Given information below:
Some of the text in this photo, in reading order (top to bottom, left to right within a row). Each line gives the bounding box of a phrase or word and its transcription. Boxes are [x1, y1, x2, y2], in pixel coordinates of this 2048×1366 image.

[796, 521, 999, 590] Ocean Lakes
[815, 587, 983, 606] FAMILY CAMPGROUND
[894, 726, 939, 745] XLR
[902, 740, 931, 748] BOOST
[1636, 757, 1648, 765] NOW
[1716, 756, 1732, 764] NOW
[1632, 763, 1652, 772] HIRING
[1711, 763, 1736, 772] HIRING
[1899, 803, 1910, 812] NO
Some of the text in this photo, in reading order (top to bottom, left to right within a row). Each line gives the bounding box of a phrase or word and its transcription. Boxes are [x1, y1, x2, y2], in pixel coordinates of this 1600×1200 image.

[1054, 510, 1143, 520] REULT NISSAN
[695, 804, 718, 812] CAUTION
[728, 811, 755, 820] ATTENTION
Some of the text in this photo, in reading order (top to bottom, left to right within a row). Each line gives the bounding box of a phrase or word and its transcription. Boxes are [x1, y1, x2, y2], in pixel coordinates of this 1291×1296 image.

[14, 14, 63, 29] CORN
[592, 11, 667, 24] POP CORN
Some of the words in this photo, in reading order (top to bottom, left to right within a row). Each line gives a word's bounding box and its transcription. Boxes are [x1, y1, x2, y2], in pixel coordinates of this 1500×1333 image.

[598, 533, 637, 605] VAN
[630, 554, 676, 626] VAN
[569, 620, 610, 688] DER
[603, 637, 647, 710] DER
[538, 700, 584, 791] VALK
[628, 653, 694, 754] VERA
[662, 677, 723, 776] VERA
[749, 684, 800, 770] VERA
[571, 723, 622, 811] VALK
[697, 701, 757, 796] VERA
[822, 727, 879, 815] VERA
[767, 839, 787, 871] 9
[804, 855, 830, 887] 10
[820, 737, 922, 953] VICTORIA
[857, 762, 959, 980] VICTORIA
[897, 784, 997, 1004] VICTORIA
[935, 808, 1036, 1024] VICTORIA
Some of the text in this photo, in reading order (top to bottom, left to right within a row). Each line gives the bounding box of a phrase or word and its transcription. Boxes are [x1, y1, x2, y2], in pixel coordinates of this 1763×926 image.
End of Given information.
**What to work on**
Render every record verbatim. Nothing should be left out.

**Task result**
Some of the text in this photo, in reading order (top to bottom, left to right within a row). Each line gives the bounding box of a phrase or word and its transcription. Boxes are [x1, y1, x2, y2], in pixel coordinates of this 2048×1366 image.

[796, 521, 999, 590] Ocean Lakes
[815, 587, 983, 606] FAMILY CAMPGROUND
[894, 726, 939, 745] XLR
[902, 740, 931, 748] BOOST
[1636, 757, 1648, 765] NOW
[1716, 756, 1732, 764] NOW
[1632, 763, 1652, 772] HIRING
[1711, 763, 1736, 772] HIRING
[1899, 803, 1910, 812] NO
Some of the text in this photo, in reading order (top to bottom, left to right within a row). Each line gives the bounding box of a phrase or word and its transcription. Boxes are [x1, y1, x2, y2], in pixel coordinates of this 1600×1200 image.

[1054, 510, 1143, 520] REULT NISSAN
[695, 804, 718, 812] CAUTION
[728, 811, 755, 820] ATTENTION
Some of the text in this photo, in reading order (top to bottom, left to right within a row). Each line gives the bounding box of a phrase or word and its transcription. Boxes are [x1, y1, x2, y2], in pixel coordinates of this 1291×1296 image.

[14, 14, 63, 29] CORN
[592, 11, 667, 24] POP CORN
Some of the words in this photo, in reading order (top to bottom, left to right within a row). Each line gives a word's bounding box and its transcription. Boxes are [x1, y1, x2, y2], in pixel coordinates of this 1500×1333 image.

[598, 533, 637, 605] VAN
[630, 554, 676, 626] VAN
[569, 620, 610, 688] DER
[603, 637, 647, 710] DER
[538, 700, 584, 791] VALK
[628, 653, 694, 754] VERA
[662, 677, 723, 776] VERA
[749, 684, 800, 770] VERA
[571, 723, 622, 811] VALK
[697, 701, 757, 796] VERA
[822, 727, 879, 815] VERA
[767, 839, 787, 871] 9
[804, 855, 830, 887] 10
[820, 737, 922, 953] VICTORIA
[857, 762, 959, 980] VICTORIA
[897, 784, 997, 1004] VICTORIA
[935, 808, 1036, 1024] VICTORIA
Some of the text in this photo, in reading order (top to bottom, left to right within a row). Each line gives the bounding box of a phrase or word and its transcription. Boxes are [x1, y1, x2, y2], in pixel coordinates of this 1763×926 image.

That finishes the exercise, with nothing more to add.